- Nebraska’s chapter of the Visiting Nurse Association is launching a telehealth program to improve care management and coordination for its home-based patients.
The Omaha-based VNA is deploying 4G tablets with preloaded software and Bluetooth-connected devices to enable patients to gather and transmit vital signs to caregivers. The tablets also provide information and daily reminders on medications and other health-related tasks.
“It’s huge for the VNA team to have state-of-the-art equipment at our disposal,” Jean North, a telehealth central station clinician at the VNA, said in a press release “And for our clients, there’s an ease of connection that will help us build even stronger relationships.”
There are more than 12,000 VNA chapters listed in the Medicare database, and many of these and other home healthcare agencies are turning to telehealth and remote patient monitoring technology to help with care coordination and management in between home visits.
Late last year, Colorado’s VNA chapter launched a similar telehealth program targeting adults living with heart failure. Like Nebraska’s program, Colorado’s VNA partnered with New Jersey-based telehealth provider Health Recovery Solutions on the technology platform.
“We believe that the HRS platform can help us reduce hospital readmissions and improve the health status of vulnerable, high-risk individuals with heart failure, an exponentially growing segment of our state’s older adults,” Colorado VNA CEO Chris Lee said in a release.
“The virtual visits have the potential to be a valuable supplement to in-home visits,” added Laurel Thompson, RN, the VNA chapter’s clinical manager monitoring the patients in the pilot program. She noted the tablets assigned to patients can be used to communicate by video, phone or text with care coordinators.
Also recognizing the value of telehealth is the Trinity Health. The 22-state, Michigan-based health system enhanced its own Trinity Health at Home program last year by adding the Pathways + Home service, which equips home-bound patients with a 4G tablet and wireless devices for collecting vital signs.
The new program, a partnership with Vivify Health, is the largest yet to deploy telehealth and mHealth technology in the home healthcare space.

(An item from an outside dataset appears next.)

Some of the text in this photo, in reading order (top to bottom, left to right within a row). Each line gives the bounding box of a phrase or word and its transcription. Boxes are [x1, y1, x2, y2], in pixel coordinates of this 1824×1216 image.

"As guests in our patients' homes, we can make a greater impact on health and well-being than we can anywhere else because it is here, in this sacred place, that people are empowered and much more engaged in their care experience," Trinity Health Home Services CEO Erin Denholm said in a press release. "These technologies will enable us to proactively monitor our home care patients and provide in-the moment interventions that can make the difference between their staying at home or being transferred to the hospital.”
“Our goal is to provide all Trinity Health At Home patients with care that is compassionate, proactive and transforming while keeping them in their own homes,” added John Capasso, executive vice president of Trinity Health Continuing Care. “By investing in an innovative technology that addresses the unique and immediate needs of higher-risk and rising-risk patients, we are demonstrating our commitment to the people we serve as a health system focused on helping them transform their health and improve their lives."

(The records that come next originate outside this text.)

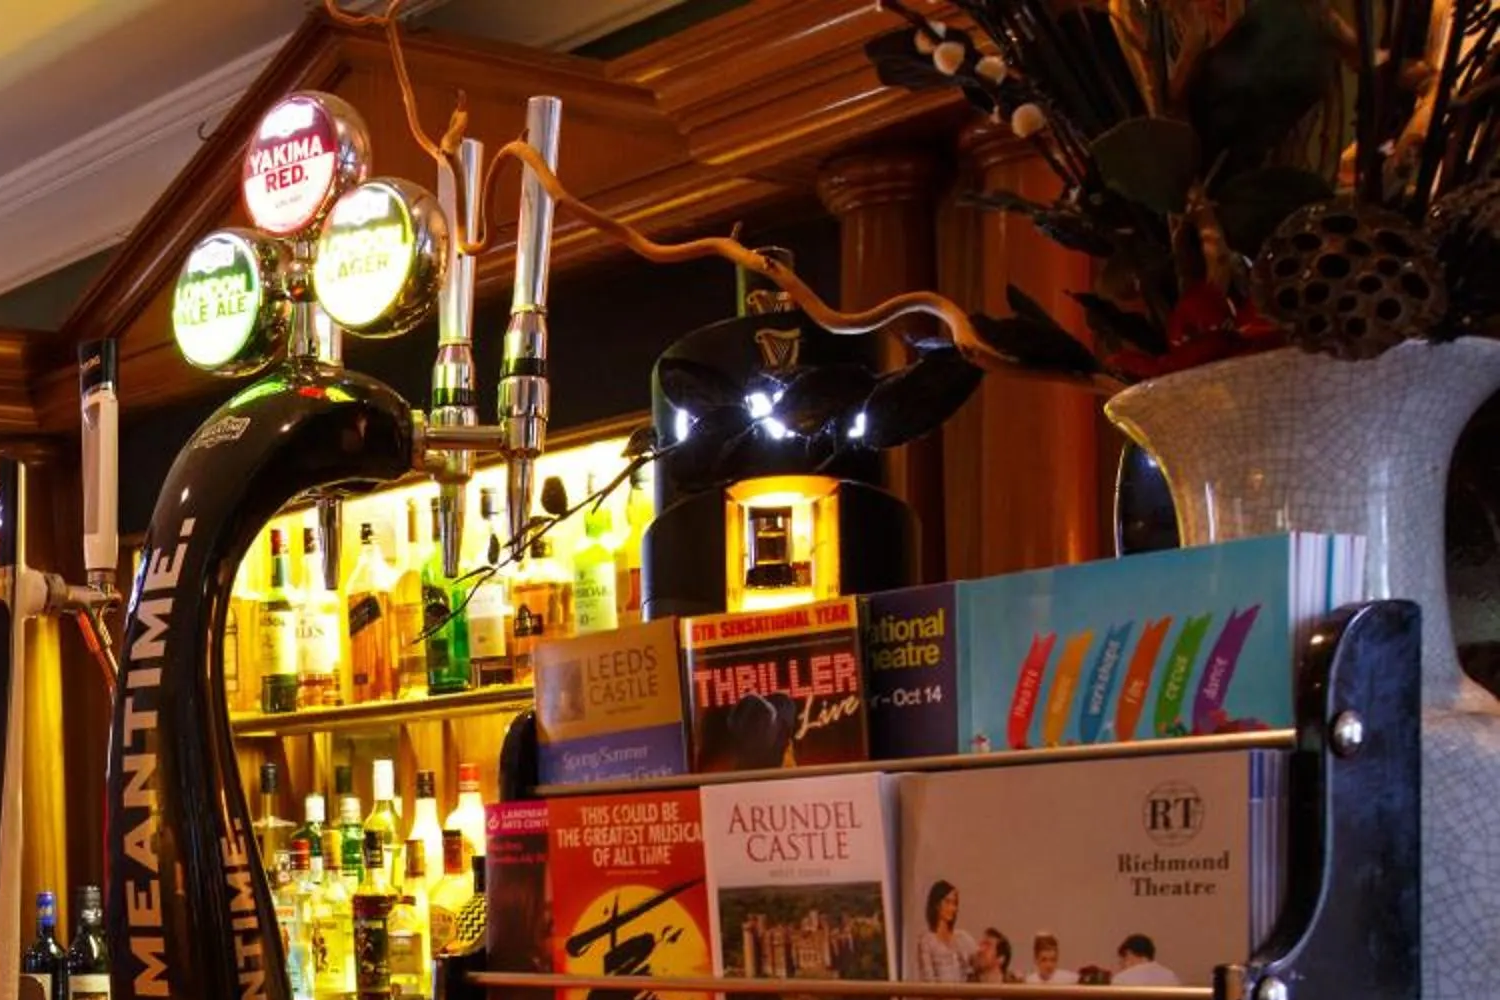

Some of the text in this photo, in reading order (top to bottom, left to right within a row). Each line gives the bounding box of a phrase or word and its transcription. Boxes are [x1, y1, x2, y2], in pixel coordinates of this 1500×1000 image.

[250, 134, 324, 176] YAKIMA
[265, 164, 309, 193] RED.
[720, 609, 810, 639] SENSATIONAL
[815, 603, 851, 625] YEAR
[869, 607, 946, 643] ational
[586, 644, 659, 683] LEEDS
[693, 653, 858, 708] THRILLER
[1089, 639, 1120, 715] workshops
[588, 673, 659, 705] CASTLE
[892, 687, 922, 706] Oct
[924, 685, 942, 704] 14
[794, 694, 860, 740] Live
[122, 516, 197, 998] MEANTIME.
[580, 802, 679, 825] THIS COULD BE
[728, 800, 862, 834] ARUNDEL
[1150, 797, 1202, 831] RT
[557, 822, 702, 848] THE GREATEST MUSICA
[746, 831, 850, 862] CASTLE
[593, 845, 672, 867] OF ALL TIME
[1117, 850, 1230, 874] Richmond
[1130, 876, 1217, 897] Theatre
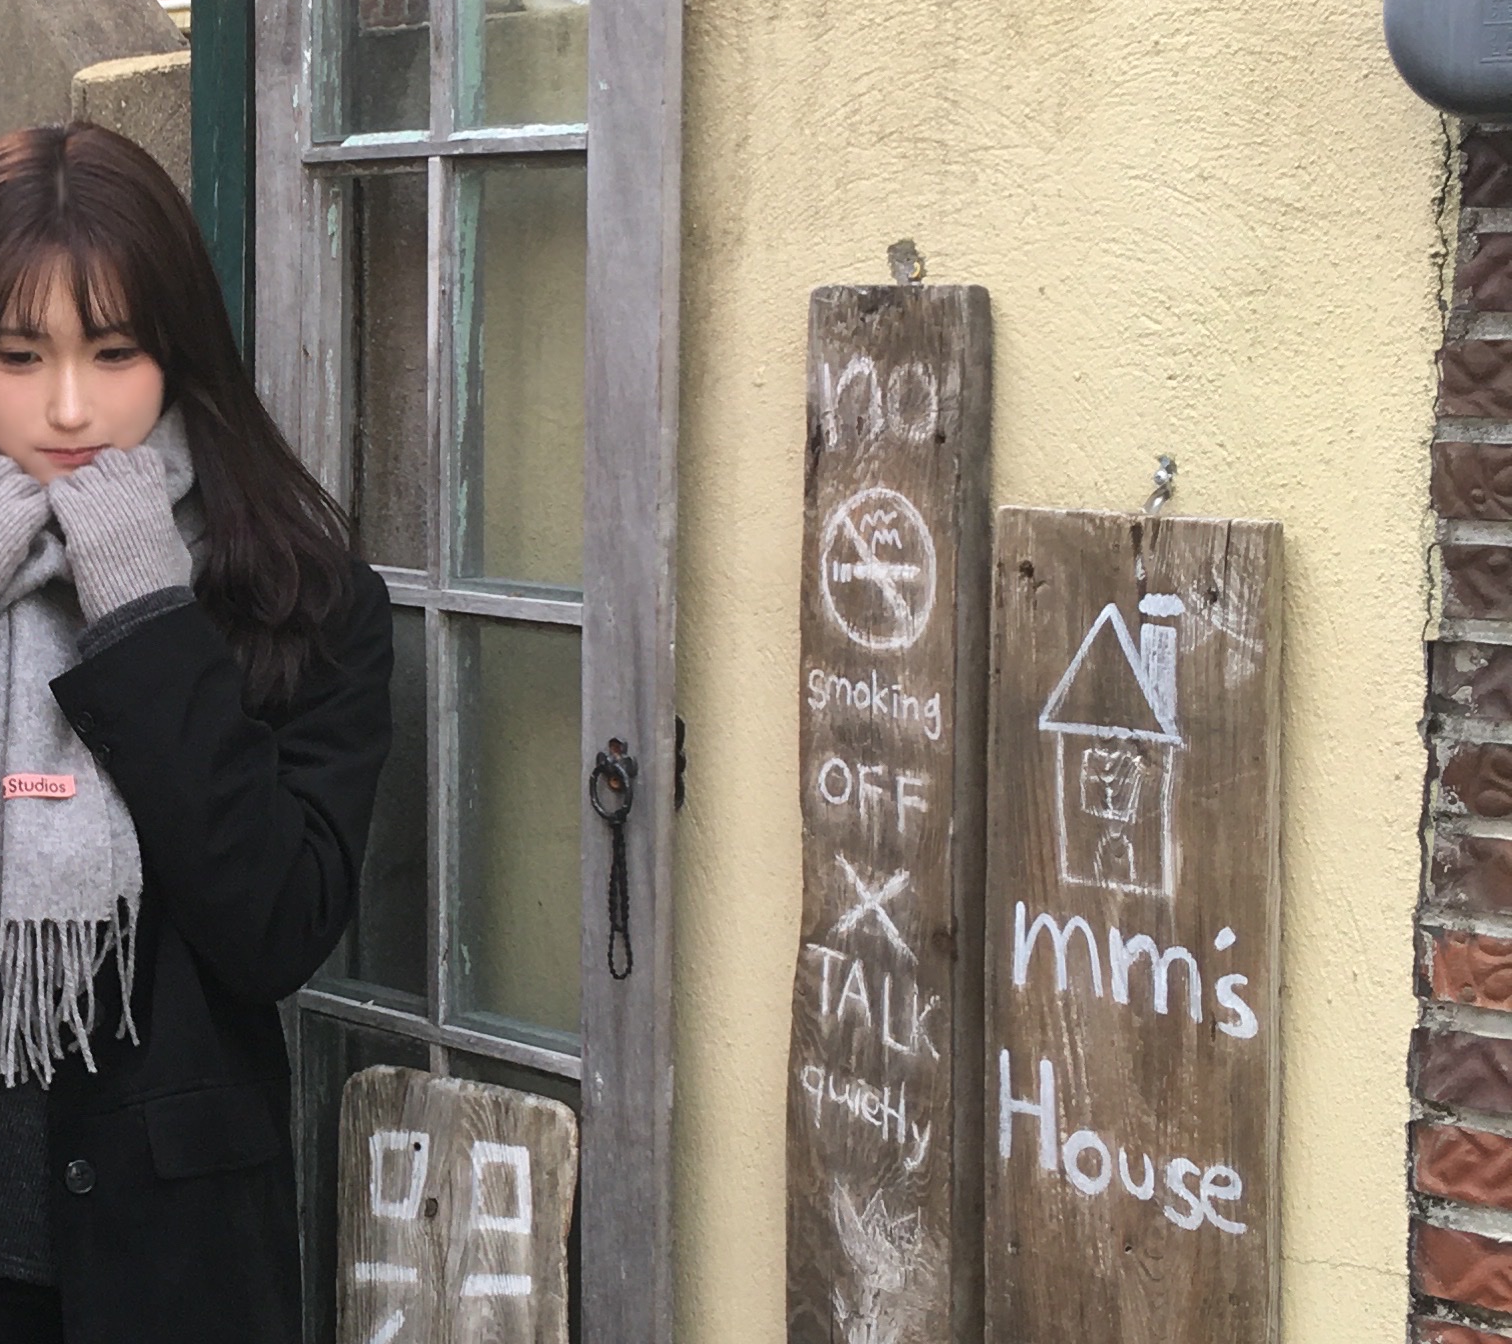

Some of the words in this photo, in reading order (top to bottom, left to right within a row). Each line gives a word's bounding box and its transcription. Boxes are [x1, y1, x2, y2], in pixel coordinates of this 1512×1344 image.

[819, 355, 938, 451] no
[8, 777, 66, 793] Studios
[818, 757, 930, 834] OFF
[999, 1048, 1248, 1235] House

With reimbursement for home telehealth programs limited, many of these services are either funded through grants or covered by the healthcare provider. Some programs, meanwhile, are exploring other paths to sustainability.

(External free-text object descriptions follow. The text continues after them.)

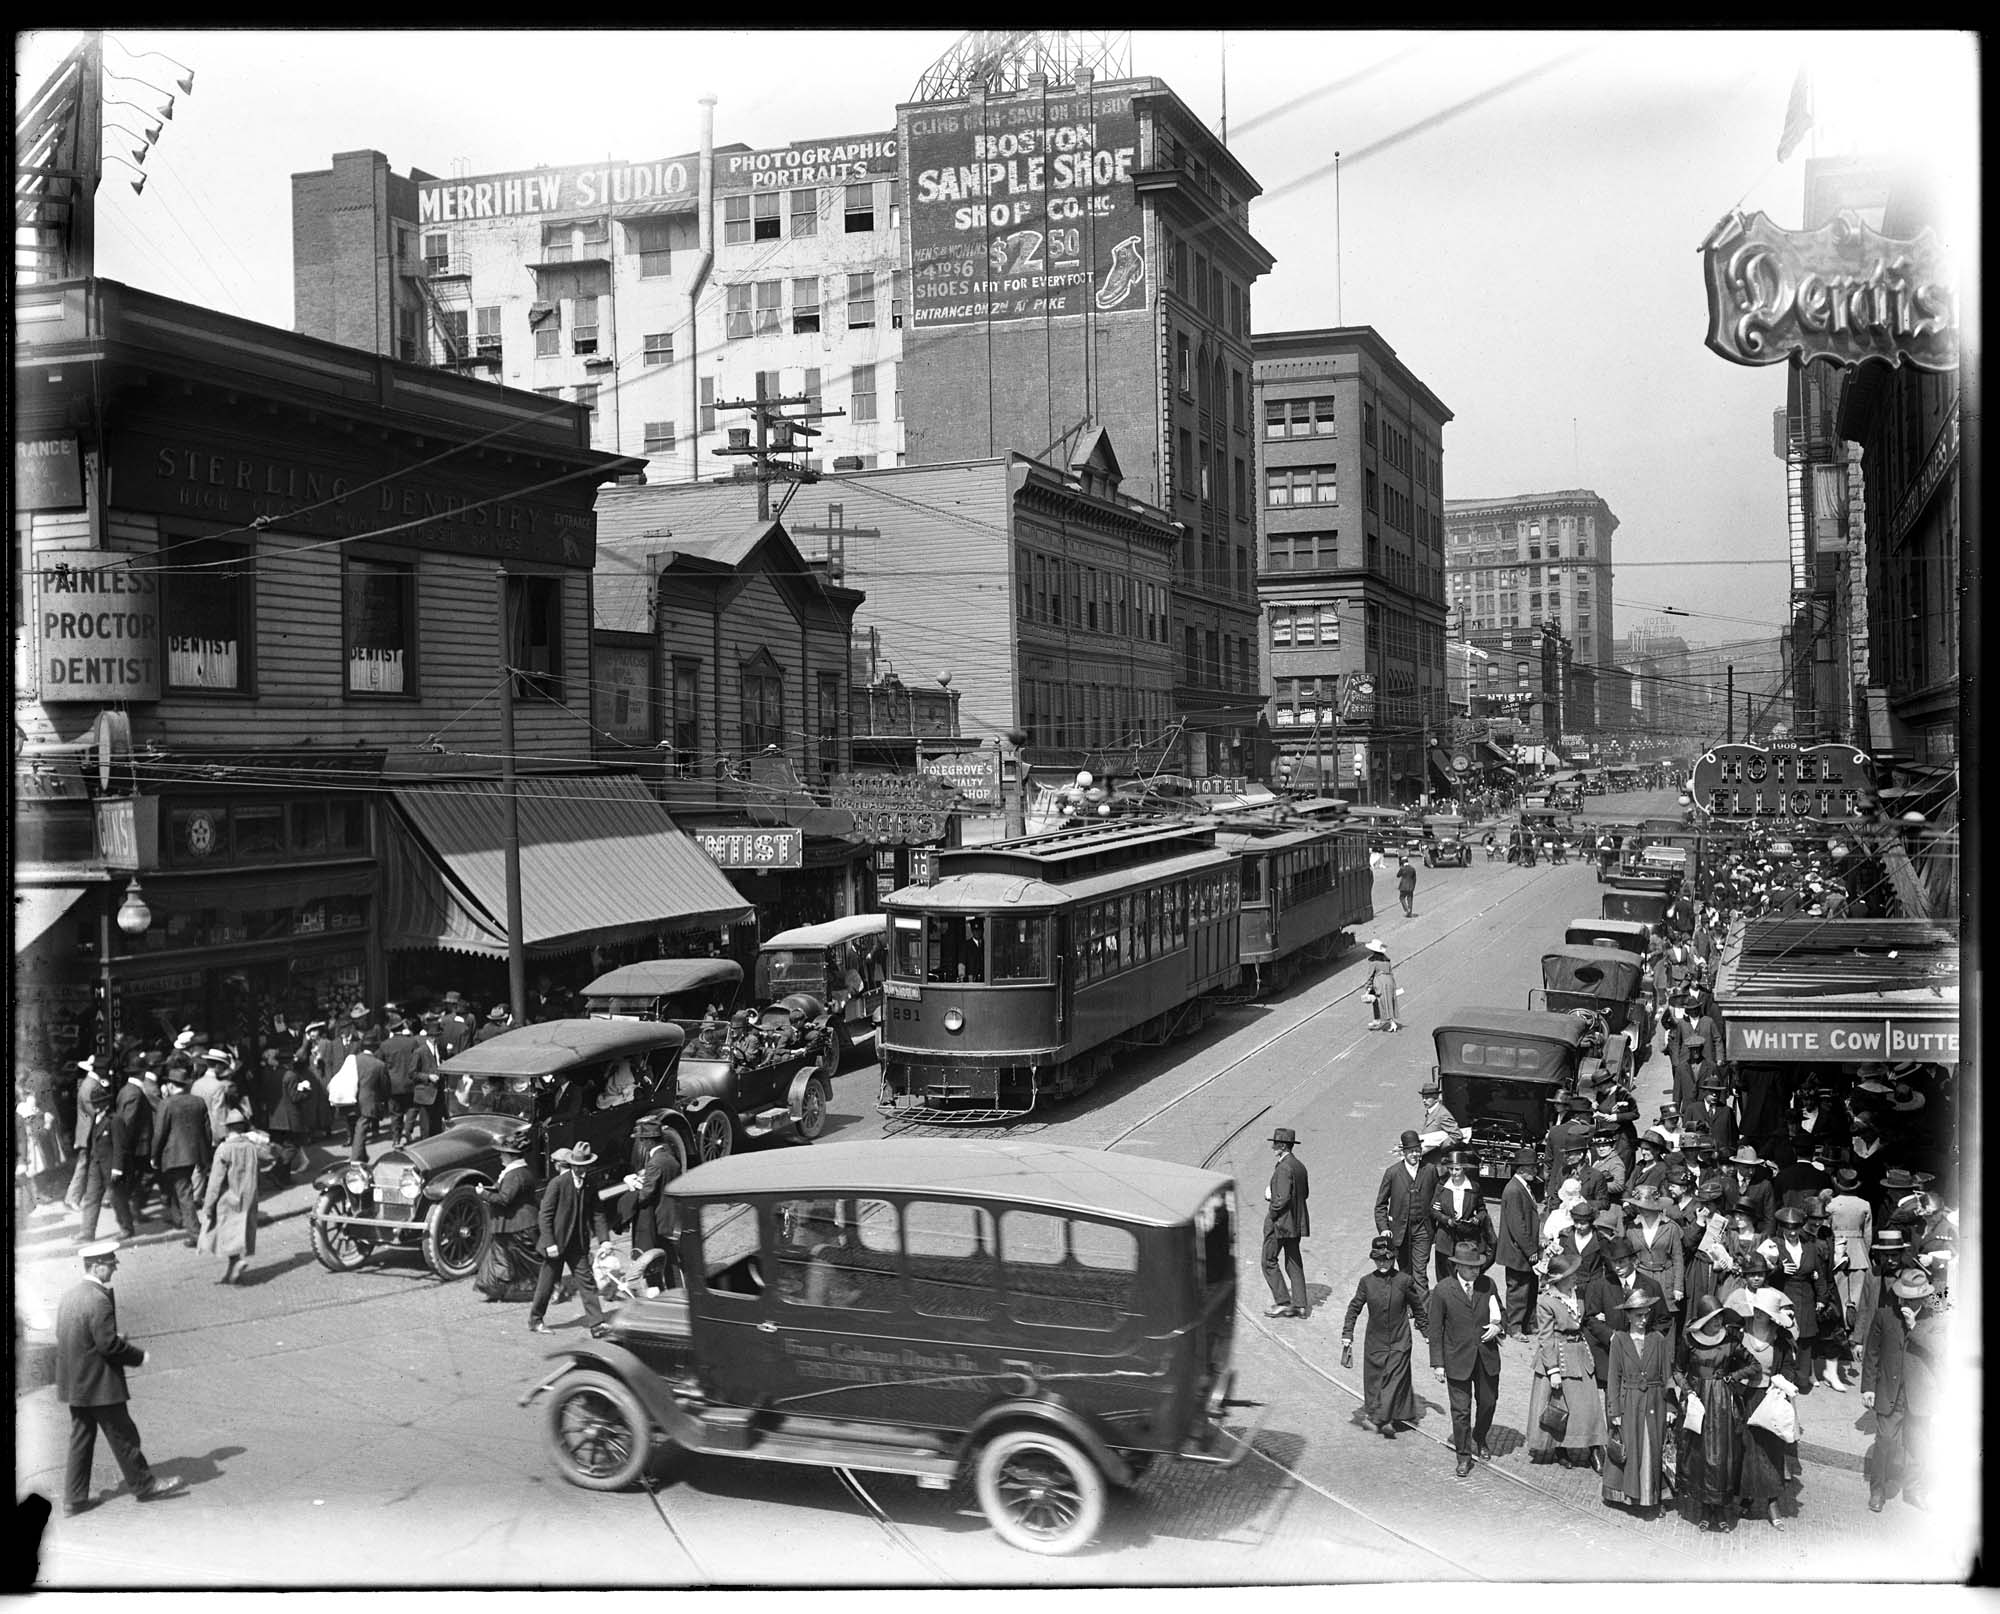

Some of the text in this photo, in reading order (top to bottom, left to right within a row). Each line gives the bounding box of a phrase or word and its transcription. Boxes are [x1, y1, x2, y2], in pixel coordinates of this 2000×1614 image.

[974, 123, 1097, 160] BOSTON
[729, 139, 897, 173] PHOTOGRAPHIC
[752, 161, 868, 188] PORTRAITS
[918, 147, 1135, 202] SAMPLE SHOE
[418, 162, 687, 223] MERRIHEW STUDIO
[955, 201, 1032, 230] SHOP
[1046, 197, 1084, 220] CO.
[953, 260, 974, 278] $6
[916, 281, 970, 298] SHOES
[973, 282, 980, 293] A
[1003, 278, 1028, 291] FOR
[915, 304, 973, 320] ENTRANCE
[1033, 297, 1066, 310] PIKE
[159, 447, 543, 535] STERLING DENTISTRY
[43, 567, 156, 594] PAINLESS
[44, 612, 156, 639] PROCTOR
[171, 637, 232, 655] DENTIST
[351, 648, 400, 662] DENTIST
[50, 657, 153, 684] DENTIST
[1721, 754, 1843, 784] HOTEL
[1709, 788, 1858, 818] ELLIOTT
[857, 812, 935, 834] HOES
[695, 834, 794, 864] NTIST
[1742, 1028, 1959, 1051] WHITE COW BUTTE

Roughly a year and a half ago, the Rockford Health System’s VNA program launched its own telehealth platform. Through a partnership with MobileHelp, the Illinois health system transitioned out of an RPM pilot program and into a subscription program designed to create a self-sustaining service for patients wanting to take more control of their own care management.
“A lot of what we’re looking for is to empower these people and keep them out of the hospital,” David Taylor, RN, the VNA’s telehealth services supervisor, told mHealthIntelligence.com. They need to be in charge of (their health management) … when we’re not there any more.”